• Problem to work on: Go through the records below and restate each one word for word.

• Material provided:

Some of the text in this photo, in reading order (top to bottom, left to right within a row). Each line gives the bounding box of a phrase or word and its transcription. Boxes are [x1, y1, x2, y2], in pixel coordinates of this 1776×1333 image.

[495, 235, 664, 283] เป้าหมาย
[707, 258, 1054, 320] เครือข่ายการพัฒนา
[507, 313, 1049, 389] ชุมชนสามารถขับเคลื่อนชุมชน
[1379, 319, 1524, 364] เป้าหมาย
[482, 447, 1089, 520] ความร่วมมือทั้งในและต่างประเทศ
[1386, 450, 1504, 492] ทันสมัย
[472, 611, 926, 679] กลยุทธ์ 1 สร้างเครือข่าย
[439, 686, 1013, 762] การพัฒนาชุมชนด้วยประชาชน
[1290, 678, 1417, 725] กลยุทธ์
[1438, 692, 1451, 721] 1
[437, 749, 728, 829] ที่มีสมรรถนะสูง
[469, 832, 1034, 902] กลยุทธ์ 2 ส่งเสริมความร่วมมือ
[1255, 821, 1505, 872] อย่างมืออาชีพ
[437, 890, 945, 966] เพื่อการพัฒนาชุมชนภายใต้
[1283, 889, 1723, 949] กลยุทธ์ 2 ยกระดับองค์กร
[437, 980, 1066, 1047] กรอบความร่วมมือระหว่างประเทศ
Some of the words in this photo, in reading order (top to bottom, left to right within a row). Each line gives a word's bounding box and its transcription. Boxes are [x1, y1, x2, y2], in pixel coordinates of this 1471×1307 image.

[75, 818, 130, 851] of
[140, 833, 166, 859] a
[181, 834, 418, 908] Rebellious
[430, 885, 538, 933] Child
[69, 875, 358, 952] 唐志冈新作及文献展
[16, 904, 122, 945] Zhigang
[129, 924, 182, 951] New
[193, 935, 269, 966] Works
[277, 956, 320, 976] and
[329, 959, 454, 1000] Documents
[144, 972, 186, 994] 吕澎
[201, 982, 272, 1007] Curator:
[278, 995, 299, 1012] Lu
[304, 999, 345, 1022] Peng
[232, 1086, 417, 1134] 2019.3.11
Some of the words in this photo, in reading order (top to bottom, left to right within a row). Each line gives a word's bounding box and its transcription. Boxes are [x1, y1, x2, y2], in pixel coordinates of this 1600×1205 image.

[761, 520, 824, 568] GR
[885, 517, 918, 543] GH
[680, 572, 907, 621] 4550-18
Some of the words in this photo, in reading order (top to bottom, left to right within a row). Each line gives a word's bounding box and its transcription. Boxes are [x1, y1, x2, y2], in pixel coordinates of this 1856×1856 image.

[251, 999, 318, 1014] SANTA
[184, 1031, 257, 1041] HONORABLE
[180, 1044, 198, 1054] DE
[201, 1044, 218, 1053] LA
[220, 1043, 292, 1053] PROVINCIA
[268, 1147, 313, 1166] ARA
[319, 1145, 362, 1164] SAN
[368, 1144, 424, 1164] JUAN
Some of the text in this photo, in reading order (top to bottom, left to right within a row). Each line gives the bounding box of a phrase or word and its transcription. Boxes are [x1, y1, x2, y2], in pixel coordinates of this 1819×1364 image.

• Exercise result:
Some of the text in this photo, in reading order (top to bottom, left to right within a row). Each line gives the bounding box of a phrase or word and its transcription. Boxes are [x1, y1, x2, y2], in pixel coordinates of this 1776×1333 image.

[495, 235, 664, 283] เป้าหมาย
[707, 258, 1054, 320] เครือข่ายการพัฒนา
[507, 313, 1049, 389] ชุมชนสามารถขับเคลื่อนชุมชน
[1379, 319, 1524, 364] เป้าหมาย
[482, 447, 1089, 520] ความร่วมมือทั้งในและต่างประเทศ
[1386, 450, 1504, 492] ทันสมัย
[472, 611, 926, 679] กลยุทธ์ 1 สร้างเครือข่าย
[439, 686, 1013, 762] การพัฒนาชุมชนด้วยประชาชน
[1290, 678, 1417, 725] กลยุทธ์
[1438, 692, 1451, 721] 1
[437, 749, 728, 829] ที่มีสมรรถนะสูง
[469, 832, 1034, 902] กลยุทธ์ 2 ส่งเสริมความร่วมมือ
[1255, 821, 1505, 872] อย่างมืออาชีพ
[437, 890, 945, 966] เพื่อการพัฒนาชุมชนภายใต้
[1283, 889, 1723, 949] กลยุทธ์ 2 ยกระดับองค์กร
[437, 980, 1066, 1047] กรอบความร่วมมือระหว่างประเทศ
Some of the words in this photo, in reading order (top to bottom, left to right within a row). Each line gives a word's bounding box and its transcription. Boxes are [x1, y1, x2, y2], in pixel coordinates of this 1471×1307 image.

[75, 818, 130, 851] of
[140, 833, 166, 859] a
[181, 834, 418, 908] Rebellious
[430, 885, 538, 933] Child
[69, 875, 358, 952] 唐志冈新作及文献展
[16, 904, 122, 945] Zhigang
[129, 924, 182, 951] New
[193, 935, 269, 966] Works
[277, 956, 320, 976] and
[329, 959, 454, 1000] Documents
[144, 972, 186, 994] 吕澎
[201, 982, 272, 1007] Curator:
[278, 995, 299, 1012] Lu
[304, 999, 345, 1022] Peng
[232, 1086, 417, 1134] 2019.3.11
Some of the words in this photo, in reading order (top to bottom, left to right within a row). Each line gives a word's bounding box and its transcription. Boxes are [x1, y1, x2, y2], in pixel coordinates of this 1600×1205 image.

[761, 520, 824, 568] GR
[885, 517, 918, 543] GH
[680, 572, 907, 621] 4550-18
Some of the words in this photo, in reading order (top to bottom, left to right within a row). Each line gives a word's bounding box and its transcription. Boxes are [x1, y1, x2, y2], in pixel coordinates of this 1856×1856 image.

[251, 999, 318, 1014] SANTA
[184, 1031, 257, 1041] HONORABLE
[180, 1044, 198, 1054] DE
[201, 1044, 218, 1053] LA
[220, 1043, 292, 1053] PROVINCIA
[268, 1147, 313, 1166] ARA
[319, 1145, 362, 1164] SAN
[368, 1144, 424, 1164] JUAN
Some of the text in this photo, in reading order (top to bottom, left to right within a row). Each line gives the bounding box of a phrase or word and its transcription. Boxes are [x1, y1, x2, y2], in pixel coordinates of this 1819×1364 image.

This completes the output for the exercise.